Librarian Irma E. Hochstein was born in Milwaukee, Wisconsin on June 10, 1887. She was educated there at the Kindergarten der Norwertseite, Humbolt School, West Division High School (1901), Mrs. Bayliss' School, the Milwaukee Art Student's League, and the F.W. Heine's Art School. In 1905 she matriculated at Milwaukee-Downer College where she spent her freshman and sophomore years. Hochstein then transferred to the University of Wisconsin, graduating in 1909 with a major in German and a minor in Latin.

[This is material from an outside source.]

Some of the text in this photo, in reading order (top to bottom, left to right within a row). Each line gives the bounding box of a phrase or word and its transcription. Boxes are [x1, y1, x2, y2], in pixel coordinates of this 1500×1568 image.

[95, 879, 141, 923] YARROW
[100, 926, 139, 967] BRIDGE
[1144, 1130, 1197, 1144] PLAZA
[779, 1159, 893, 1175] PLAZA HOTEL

After several years of teaching high school she returned to the University and received a library degree in 1914. As part of her library training, Hochstein took the legislative reference library course under Charles McCarthy. McCarthy's personality and philosophy had a profound impact upon her life and later when she returned to school to complete an M.A. in political science (1929), her thesis dealt with McCarthy's work in the areas of minimum wage, child labor, and apprenticeship legislation in Wisconsin.

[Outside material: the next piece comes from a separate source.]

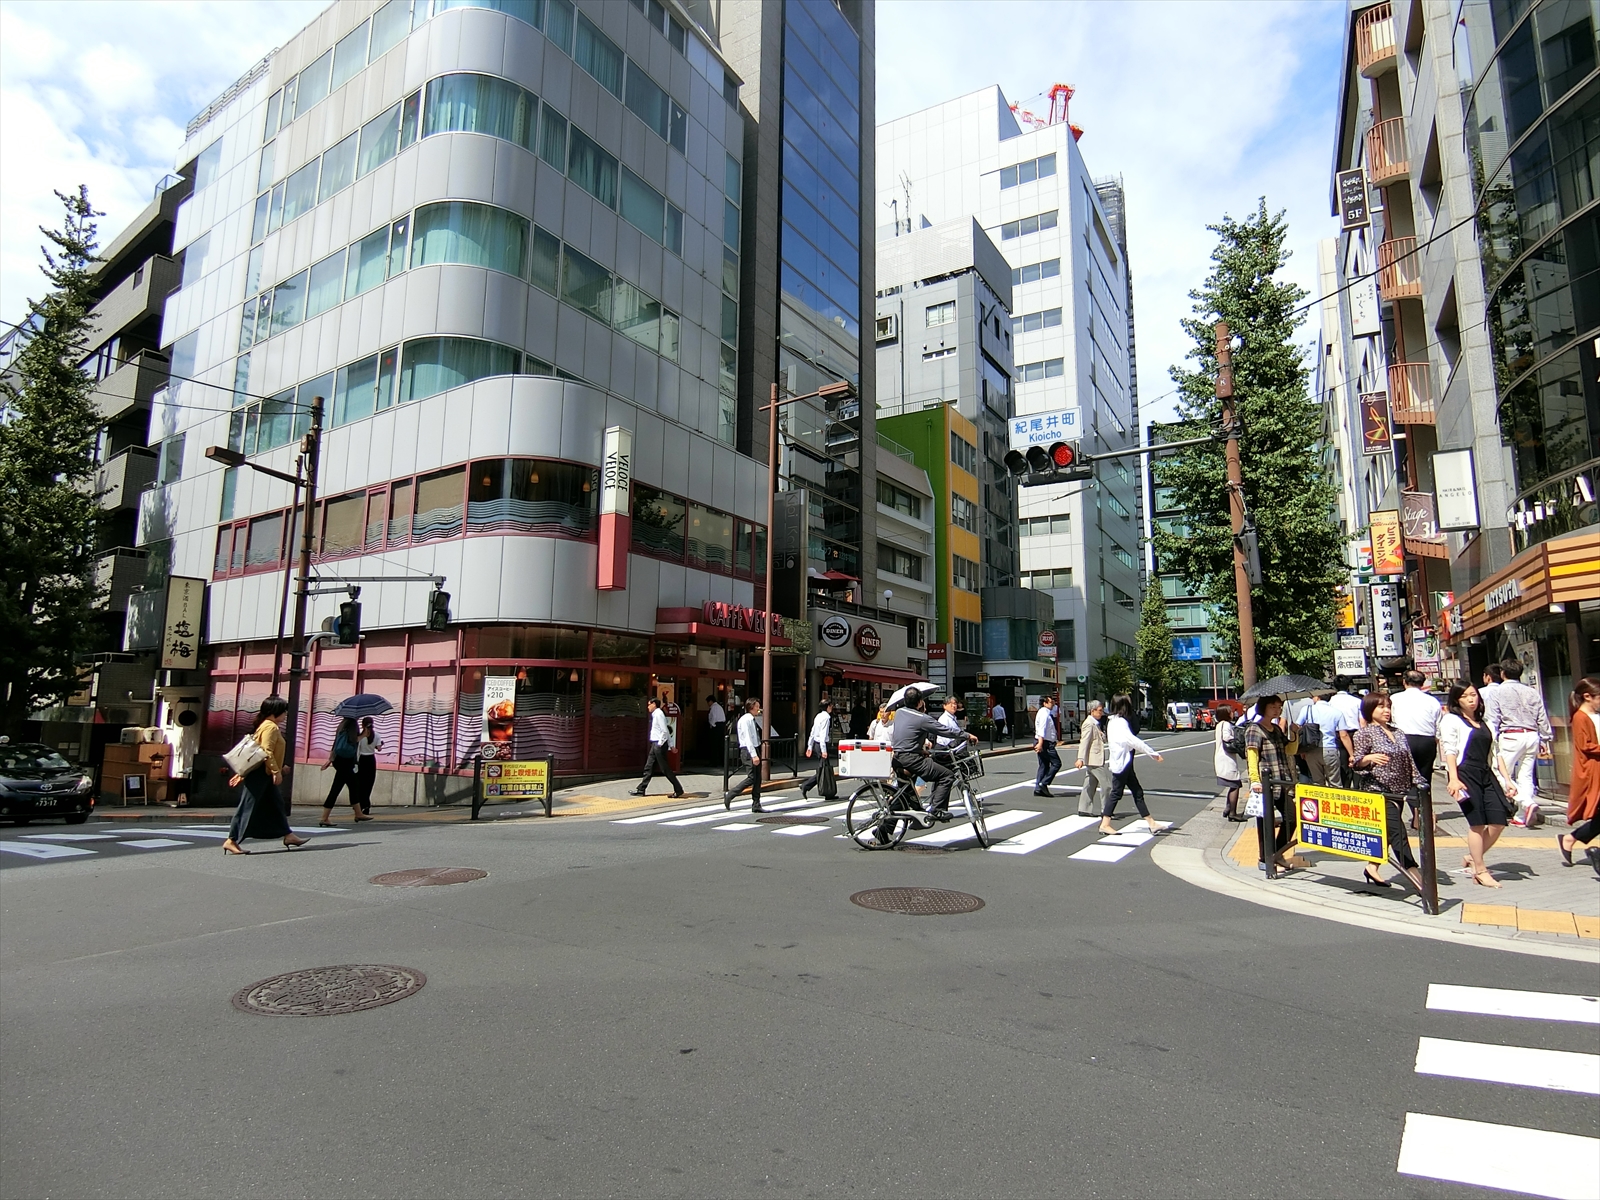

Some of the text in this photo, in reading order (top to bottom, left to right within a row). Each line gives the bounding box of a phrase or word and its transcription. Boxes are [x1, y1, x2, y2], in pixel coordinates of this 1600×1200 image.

Except for a brief leave during World War I to work for the Milwaukee County Council for Defense and the Wisconsin Fuel Administration, Hochstein worked in the Wisconsin Legislative Reference Library from 1914 to 1925, rising from assistant cataloguer to chief reference librarian. In 1925 she became director of the Central Bureau of Information and Statistics at Marquette University. This position ended in 1930 due to lack of funding. Hochstein then moved to Washington, D.C. to accept a position as assistant secretary to the Women's National Trade Union League, an organization with which she had been prominently involved both in Madison and in Milwaukee. Funding for this position, which involved writing and editing the League's magazine and researching legislative issues of concern to women ended in 1932; Hochstein then returned to Milwaukee as a social worker. She remained in Milwaukee until 1942, holding various positions from case worker to director of women's work projects. In 1942 she returned to library work as chief reference librarian in the research and reference library section for the Selective Service System in Washington, D.C. under E. A. Fitzpatrick, a longtime friend. When the Selective Service System was terminated in 1947 Hochstein returned to Madison for a year as chief reference librarian at the State Historical Society of Wisconsin. In 1948 she returned to Washington, D.C. as librarian at the National Security Resources Board. After her retirement Hochstein moved to the Milwaukee area.